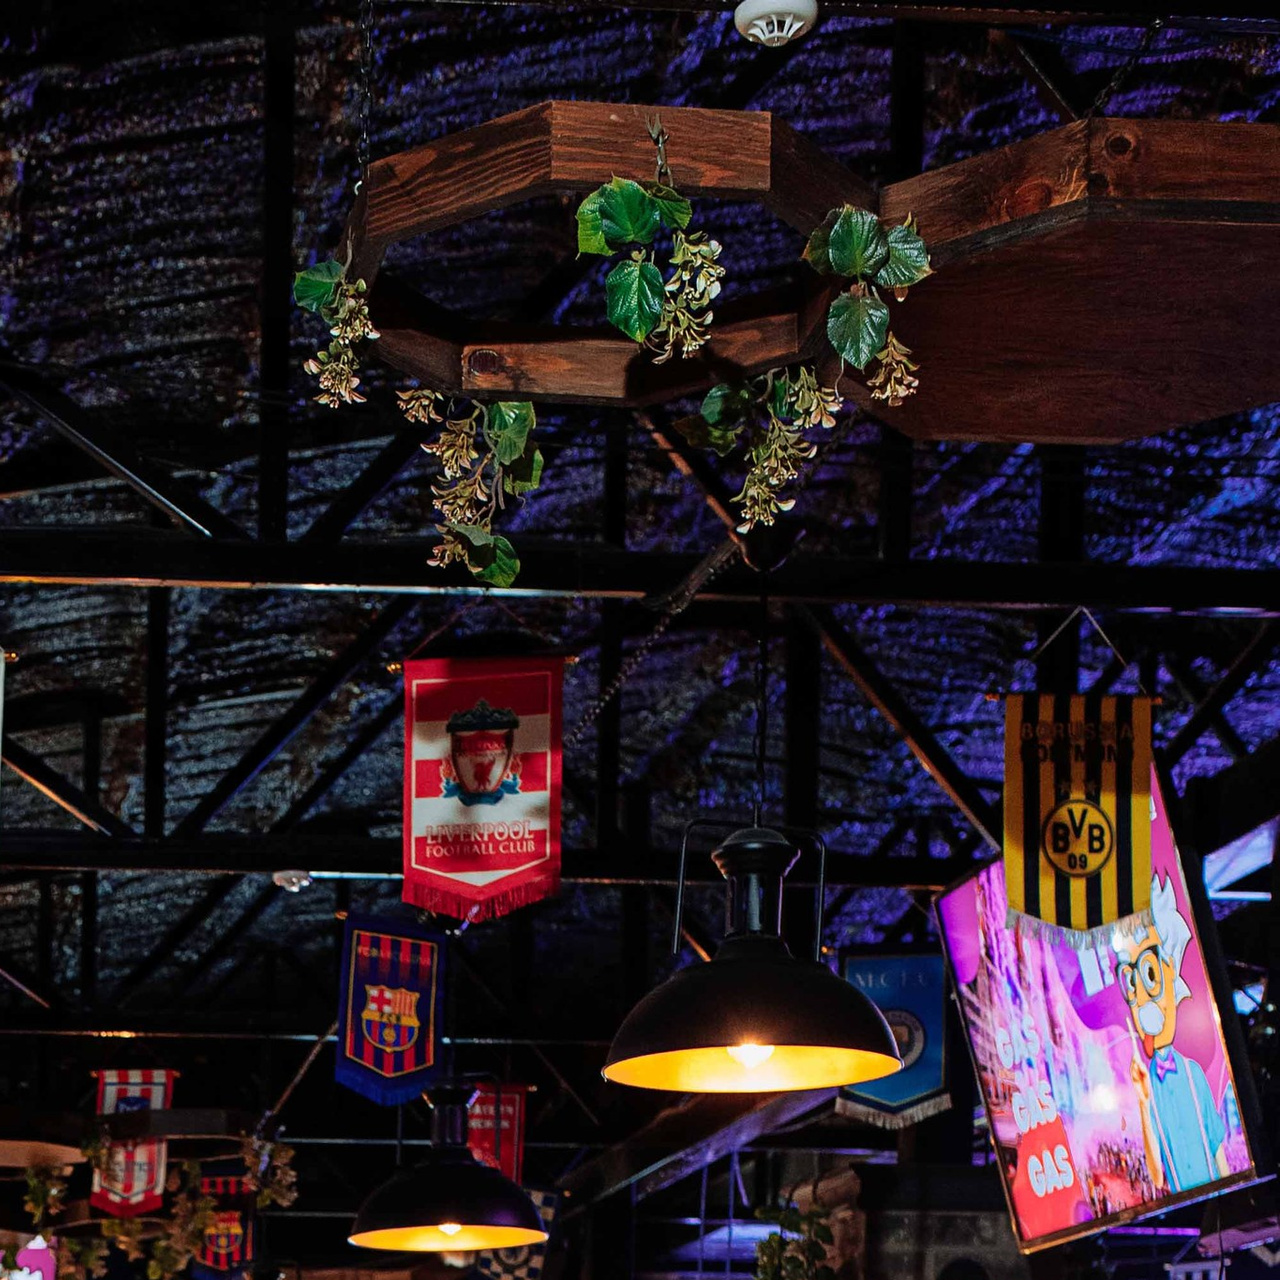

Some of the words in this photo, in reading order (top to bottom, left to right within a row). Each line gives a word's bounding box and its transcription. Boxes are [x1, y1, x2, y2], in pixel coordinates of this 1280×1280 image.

[426, 820, 534, 844] LIVERPOOL
[426, 843, 497, 858] FOOTBALL
[499, 840, 535, 855] CLUB
[1068, 854, 1088, 870] 09
[996, 1014, 1040, 1068] GAS
[1012, 1080, 1057, 1133] GAS
[1027, 1145, 1074, 1198] GAS
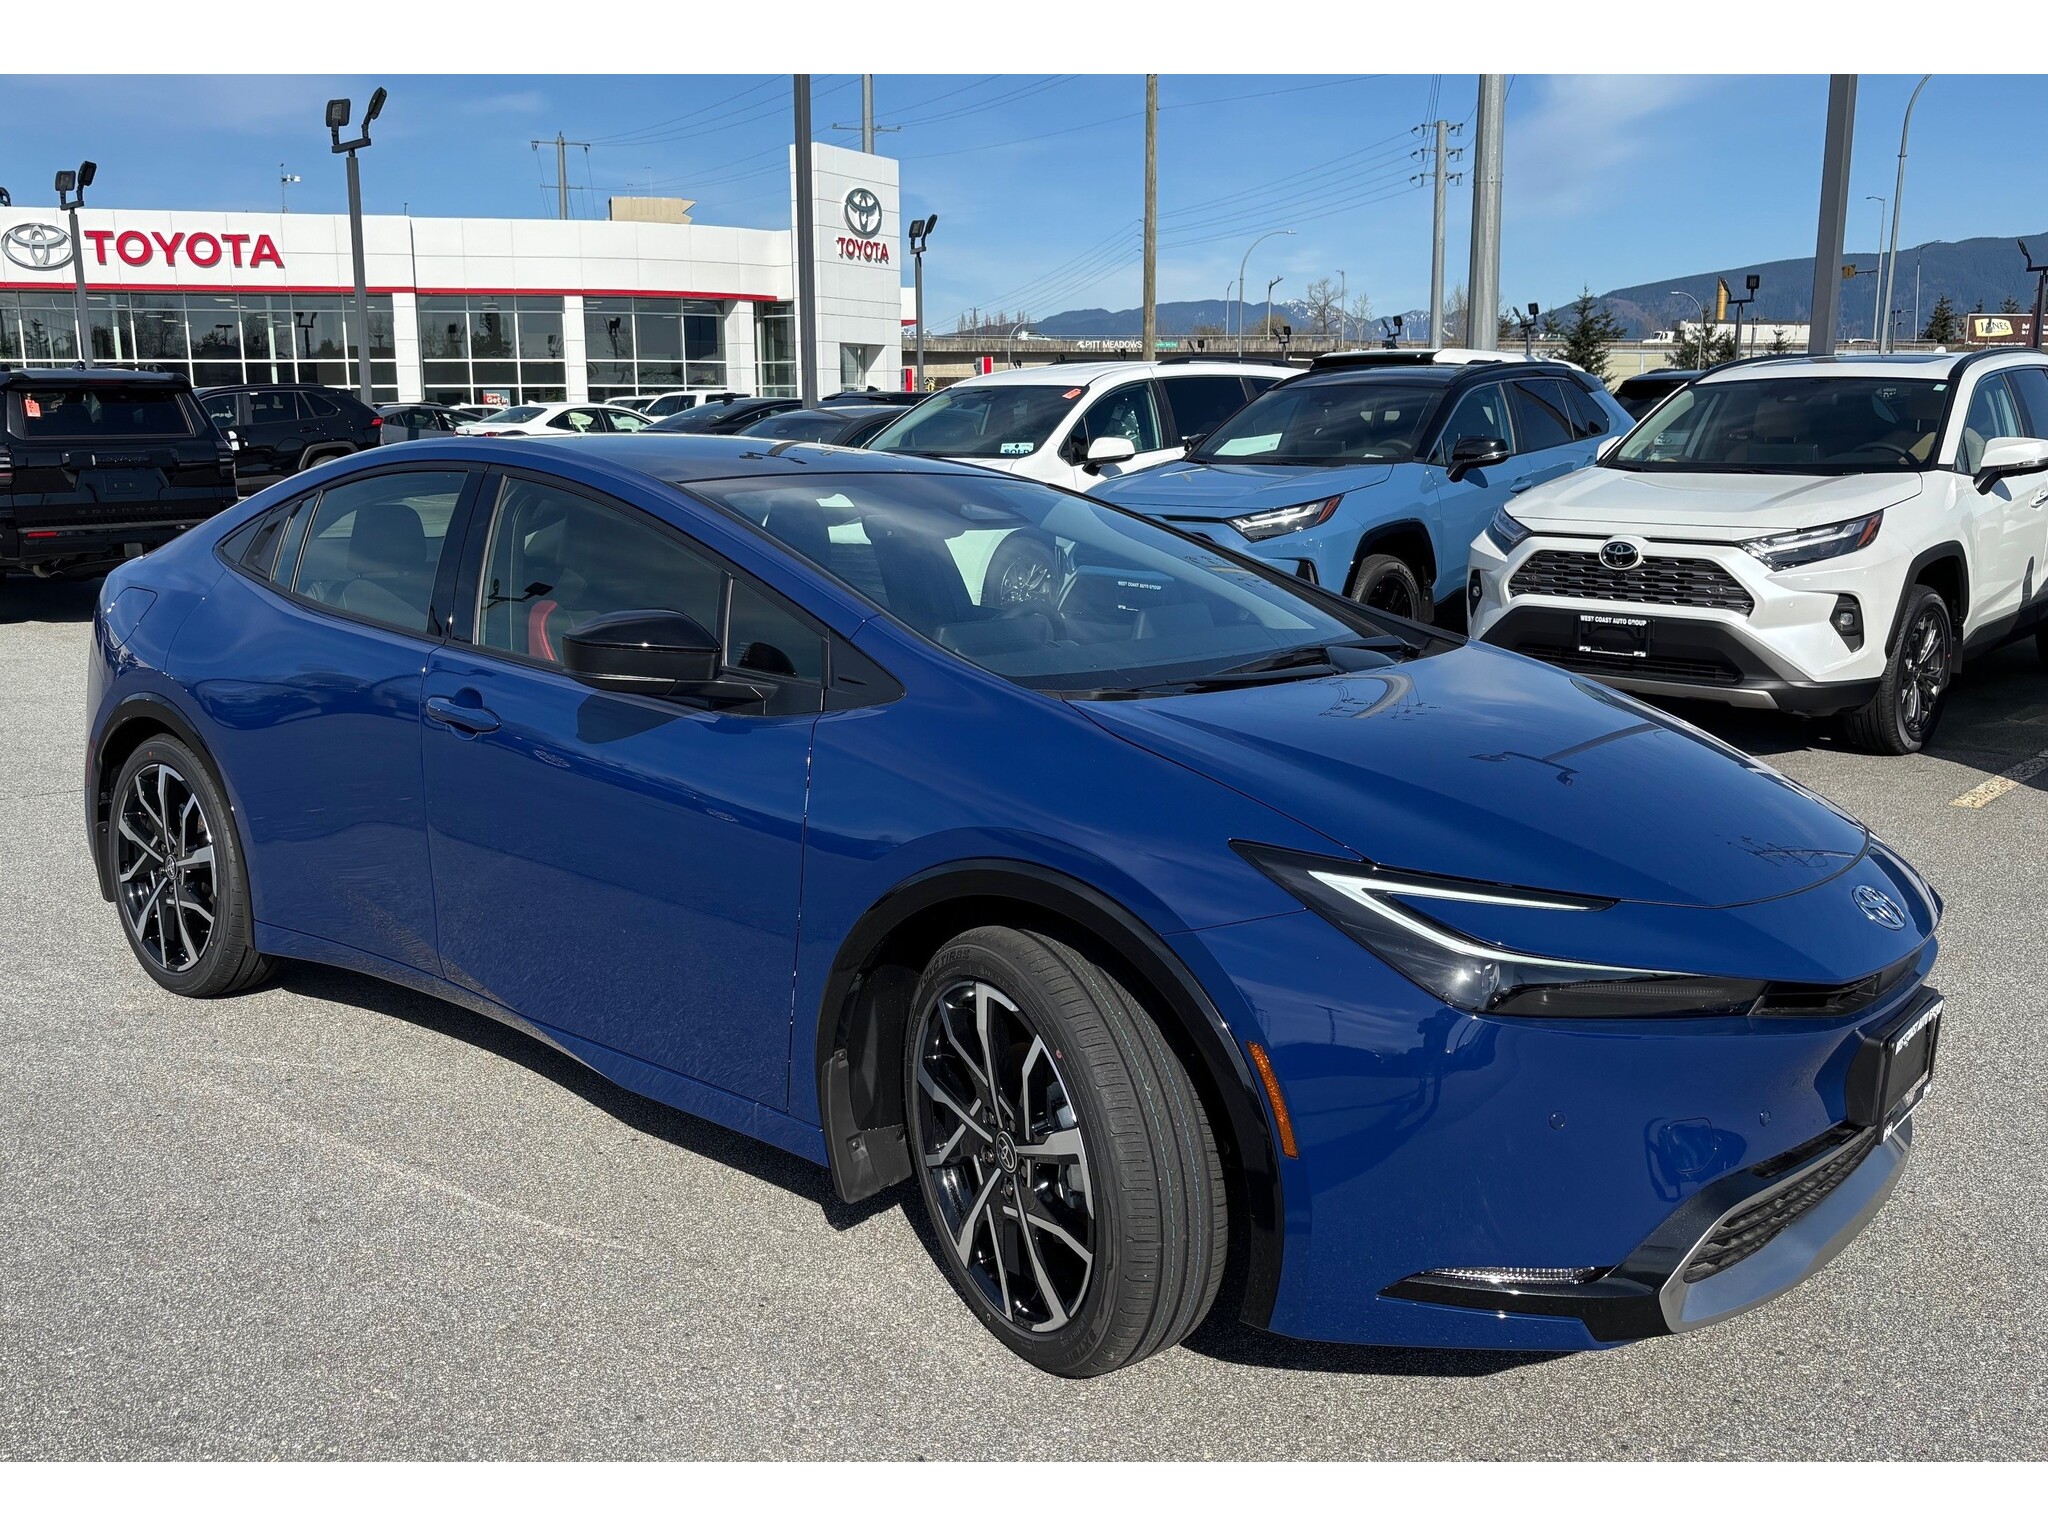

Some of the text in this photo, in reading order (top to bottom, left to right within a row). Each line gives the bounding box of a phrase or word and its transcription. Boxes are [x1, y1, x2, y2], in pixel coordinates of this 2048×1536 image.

[84, 230, 285, 269] TOYOTA
[837, 237, 889, 263] TOYOTA
[1981, 322, 2009, 332] JNES
[1085, 340, 1143, 349] PITT MEADOWS
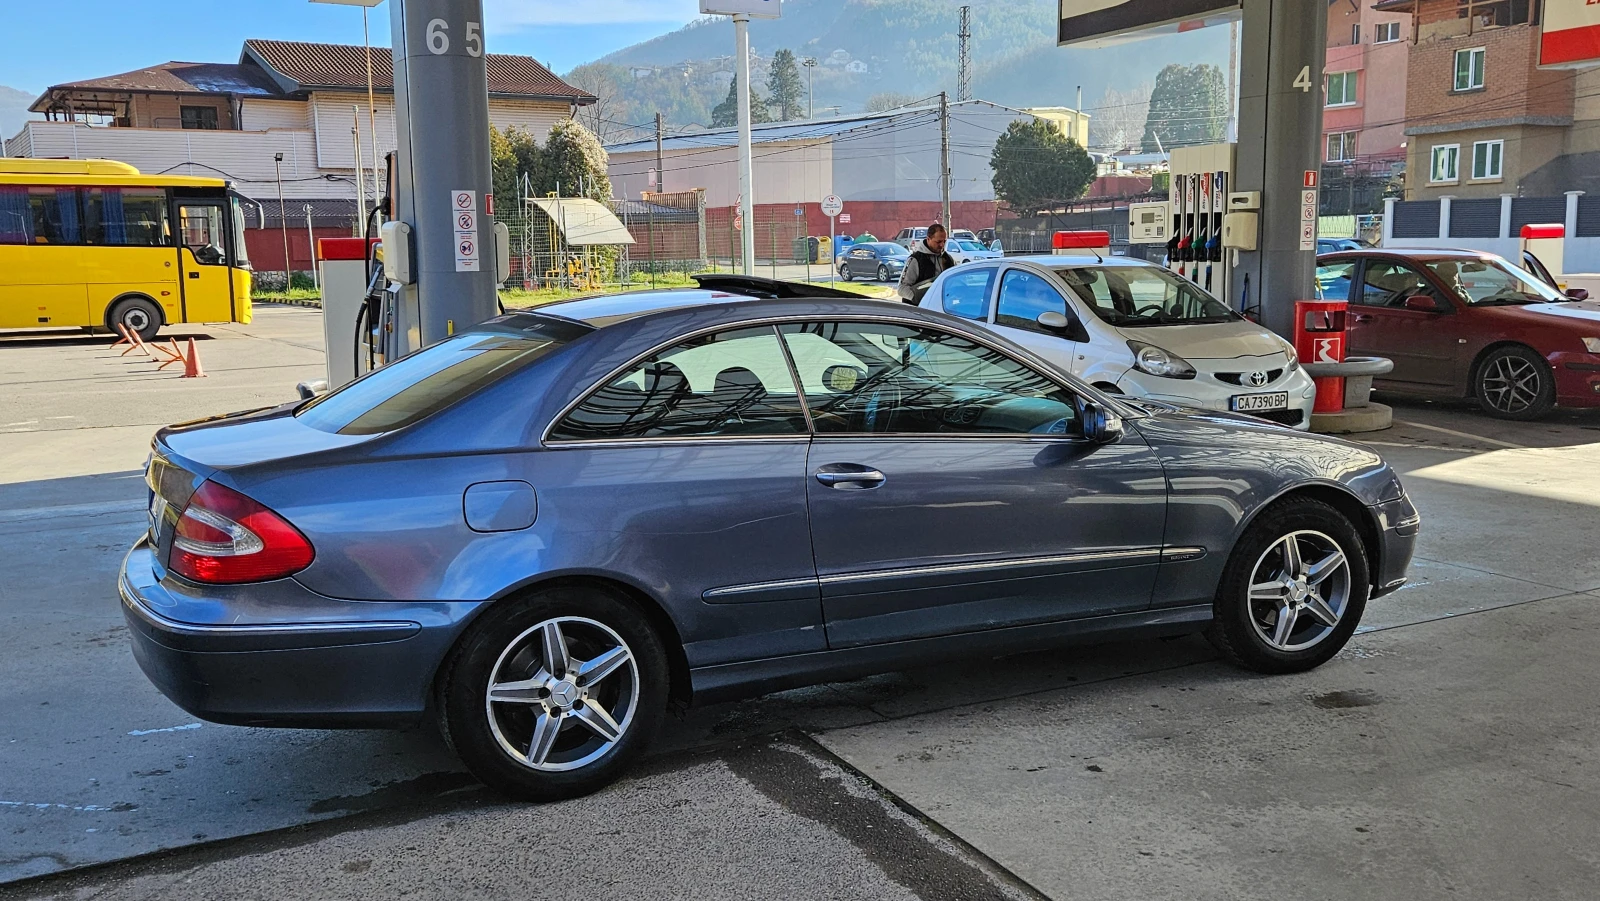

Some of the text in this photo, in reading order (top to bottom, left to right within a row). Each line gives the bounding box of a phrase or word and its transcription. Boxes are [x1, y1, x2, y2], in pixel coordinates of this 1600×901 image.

[426, 18, 482, 58] 6 5
[1292, 65, 1312, 93] 4
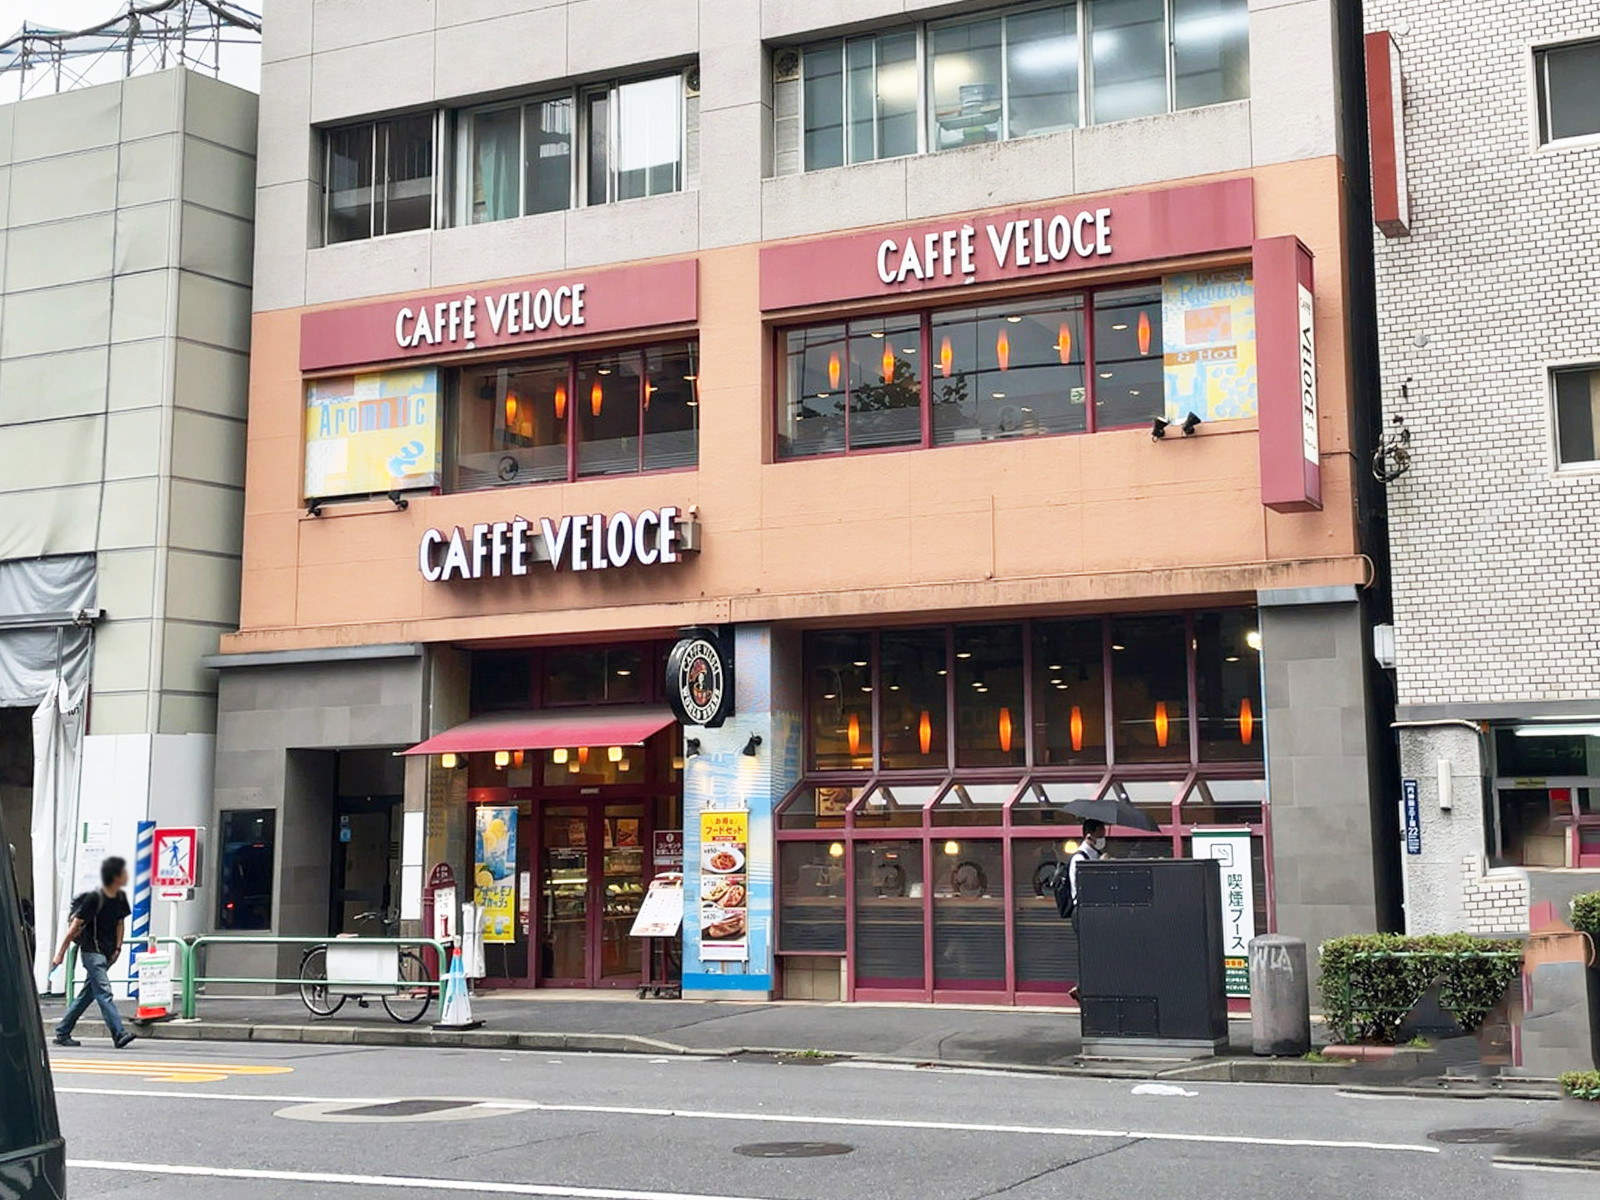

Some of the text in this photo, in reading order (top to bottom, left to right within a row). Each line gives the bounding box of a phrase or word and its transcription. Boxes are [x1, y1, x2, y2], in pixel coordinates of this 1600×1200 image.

■ ■ ■

Problem to solve → Only the pictures are to be omitted; the records above must otherwise be reproduced exactly.

Output of the task →
Some of the words in this photo, in reading order (top to bottom, left to right within a row). Each line gives a word's bounding box and its transcription. Boxes are [x1, y1, x2, y2], in pixel coordinates of this 1280×1280 image.

[426, 820, 534, 844] LIVERPOOL
[426, 843, 497, 858] FOOTBALL
[499, 840, 535, 855] CLUB
[1068, 854, 1088, 870] 09
[996, 1014, 1040, 1068] GAS
[1012, 1080, 1057, 1133] GAS
[1027, 1145, 1074, 1198] GAS

Some of the text in this photo, in reading order (top to bottom, left to right within a row). Each line gives the bounding box of a phrase or word and its transcription. Boxes are [x1, y1, x2, y2], in pixel coordinates of this 2048×1536 image.

[84, 230, 285, 269] TOYOTA
[837, 237, 889, 263] TOYOTA
[1981, 322, 2009, 332] JNES
[1085, 340, 1143, 349] PITT MEADOWS

Some of the text in this photo, in reading order (top to bottom, left to right within a row). Each line gives the bounding box of a phrase or word and its transcription. Boxes are [x1, y1, x2, y2], in pixel coordinates of this 1600×901 image.

[426, 18, 482, 58] 6 5
[1292, 65, 1312, 93] 4

Some of the text in this photo, in reading order (top to bottom, left to right within a row). Each line gives the bounding box of a phrase or word and its transcription. Boxes are [x1, y1, x2, y2], in pixel coordinates of this 1600×1200 image.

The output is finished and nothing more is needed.